[[ ENTRIES PROVIDED open ]]
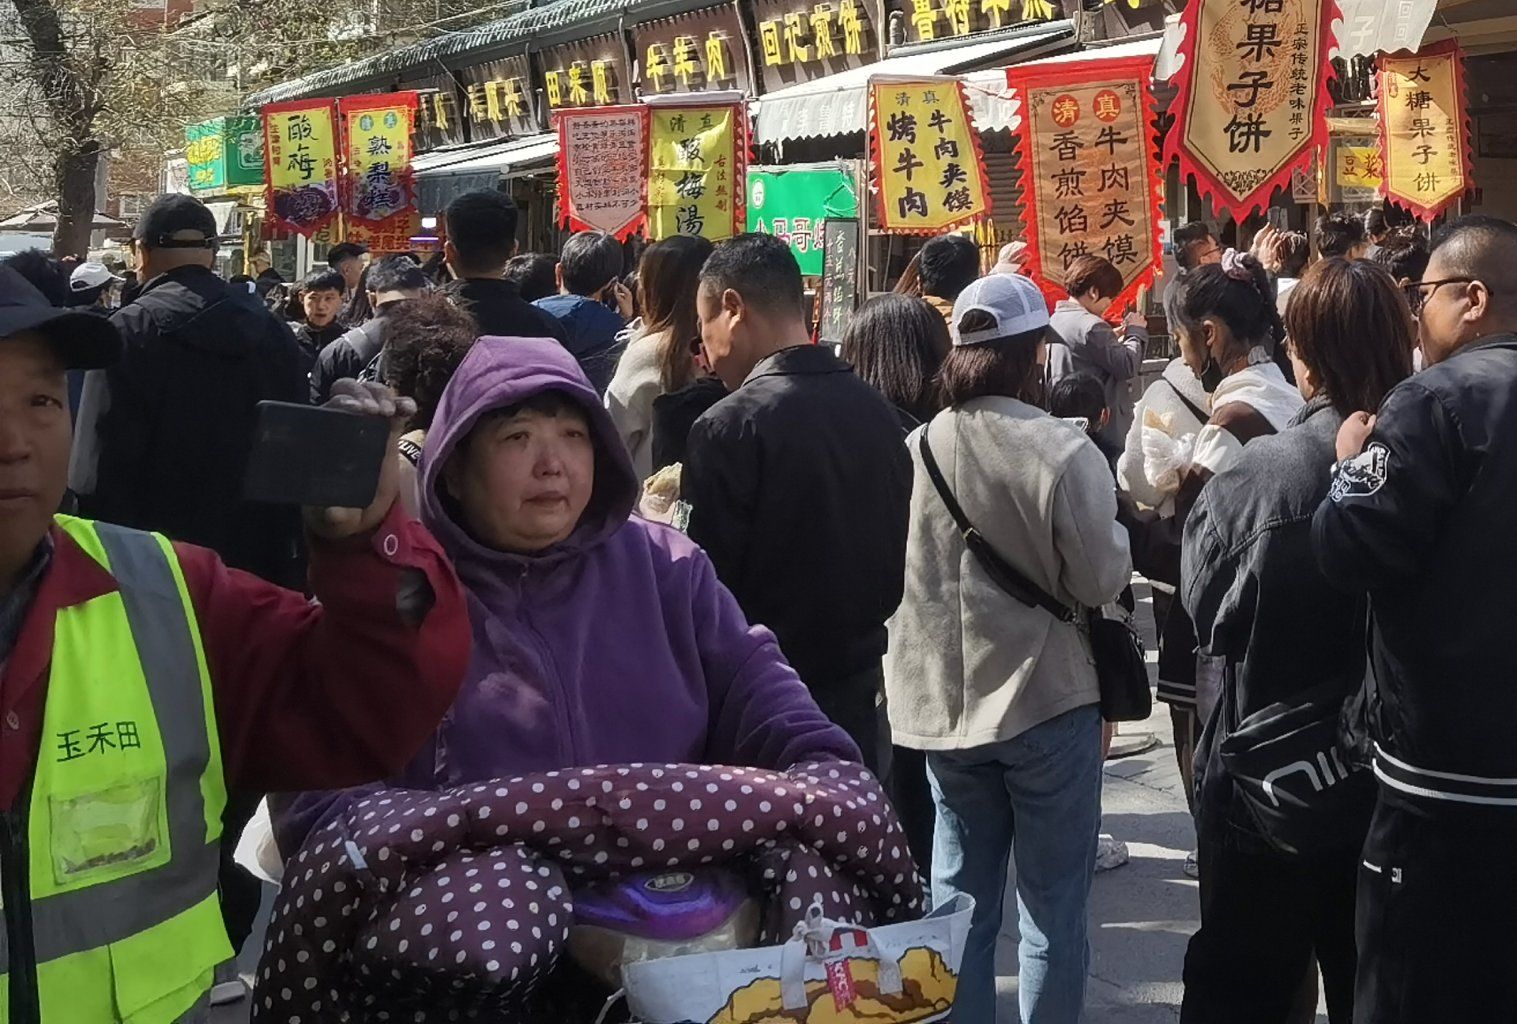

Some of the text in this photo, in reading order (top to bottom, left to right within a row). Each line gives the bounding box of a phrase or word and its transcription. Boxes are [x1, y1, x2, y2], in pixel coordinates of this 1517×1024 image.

[646, 36, 725, 93] 牛羊肉
[895, 90, 940, 107] 清真
[1053, 94, 1120, 124] 清真
[1288, 23, 1309, 140] 正宗传统老味果子
[887, 113, 928, 219] 烤牛肉
[927, 109, 975, 213] 牛肉夹馍
[1405, 66, 1441, 192] 大糖果子饼
[1049, 131, 1093, 270] 香煎馅饼
[1094, 126, 1139, 265] 牛肉夹馍
[56, 721, 141, 763] 玉禾田
[[ ENTRIES PROVIDED closed ]]
◆ **TASK INSTRUCTIONS**: Omit the pictures, then set down all the remaining data exactly as given.

◆ **WRITTEN RESPONSE**:
Some of the text in this photo, in reading order (top to bottom, left to right within a row). Each line gives the bounding box of a phrase or word and its transcription. Boxes are [x1, y1, x2, y2], in pixel coordinates of this 1517×1024 image.

[646, 36, 725, 93] 牛羊肉
[895, 90, 940, 107] 清真
[1053, 94, 1120, 124] 清真
[1288, 23, 1309, 140] 正宗传统老味果子
[887, 113, 928, 219] 烤牛肉
[927, 109, 975, 213] 牛肉夹馍
[1405, 66, 1441, 192] 大糖果子饼
[1049, 131, 1093, 270] 香煎馅饼
[1094, 126, 1139, 265] 牛肉夹馍
[56, 721, 141, 763] 玉禾田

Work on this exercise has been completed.